Hello! My name is Allison, and I'm sixteen years old.

As of October 22nd, 2014, I started experiencing terrible existential depression. I was up just a few hours too late and I thought about my existence. Ironically enough, it was sort of a joke. Like, 'Ha, it's late, time to contemplate my existence -- oh, shit.' It hasn't gone away since then. I've done lots of things, such as...

- Called two hotlines three different times

- Cried a lot

- Had tons of panic attacks

- Consulted strangers on the internet

- Talked to my mother

- Talked to my friends (one of which has also gone through an existential crisis)

- Went to church (I'm agnostic by nature but I felt and still do feel finding religion might help me -- no hate, please)

- Went to the ER (never got in though)

- Bugged my therapist

- Got put on pills (Prozac, 20mg)

My friend said that one day, you just have a moment of clarity and the existential thoughts go away, but I've done some research.
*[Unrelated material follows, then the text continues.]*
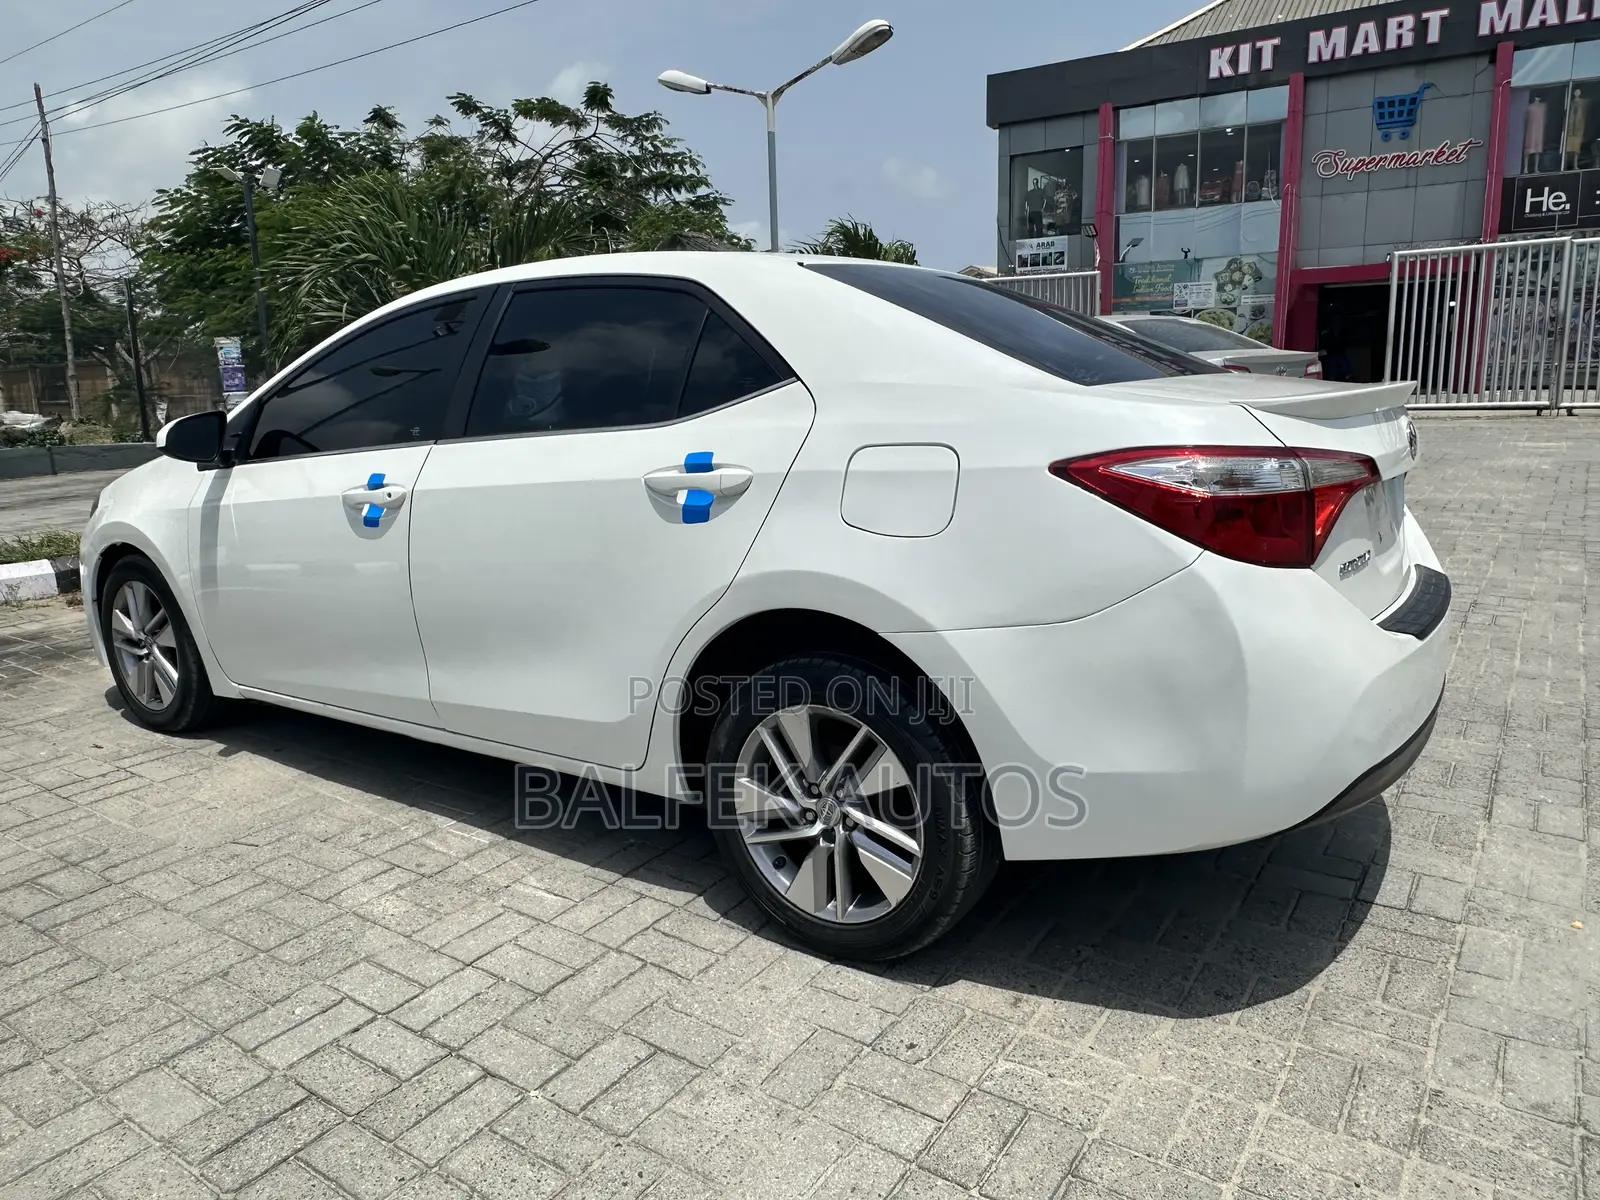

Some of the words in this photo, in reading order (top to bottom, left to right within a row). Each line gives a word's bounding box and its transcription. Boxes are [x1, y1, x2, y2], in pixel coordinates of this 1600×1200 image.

[1208, 37, 1281, 79] KIT
[1307, 8, 1449, 64] MART
[1312, 138, 1483, 180] Supermarket
[1525, 187, 1570, 213] He.
And I've come to the conclusion this may be my problem. From exploring the forums, I've noticed that there are other people who go through an existential crisis with their DP/DR. I don't know what causes what, but from what I gather, DP/DR causes it? Or I could be wrong.

Right now, I'm still going through hell. I constantly question why I'm me, why I have to go through life, why time seems to go so quickly all of a sudden, etc. Sometimes, I feel like I'm dreaming. My mind won't leave this state, and for the last few days I've had trouble sleeping, eating, and functioning. It's still hard to do those things. I remember that I used to take things day by day, but now I think in seconds. Each moment passes and becomes the past, and I feel each moment is dragging me closer to death.

When I was little and on occasions still, sometimes I felt things slow down. Like, the voice in my head would just slow down, and I felt a sort of weird, indescribable feeling in my extremities. It was very discombobulating.

I know for a fact that this was not brought on by any trauma. Sometimes I have some sort of weird, vague feeling that I was sexually abused, but I'm really dramatic and honestly, it's probably nothing. I can't remember anything about it if it did happen, so I don't care either way. I'm sort of the person who's super comfortable living in ignorance of bad stuff. I live with my grandma and mother. My dad's sort of a deadbeat and I haven't seen him in years, but I know that he also suffers from mental issues. Mostly depression, according to my mom.

I'm also fairly? intelligent. Not academically, and especially not mathematically, but mentally. I'm not like, gifted or anything, but I'm very good at recognizing what's going on in my mind. I can put a name to my emotions extremely quickly, but sadly, I can't make them go away so quickly. I can only really name them, which is half the battle, I guess.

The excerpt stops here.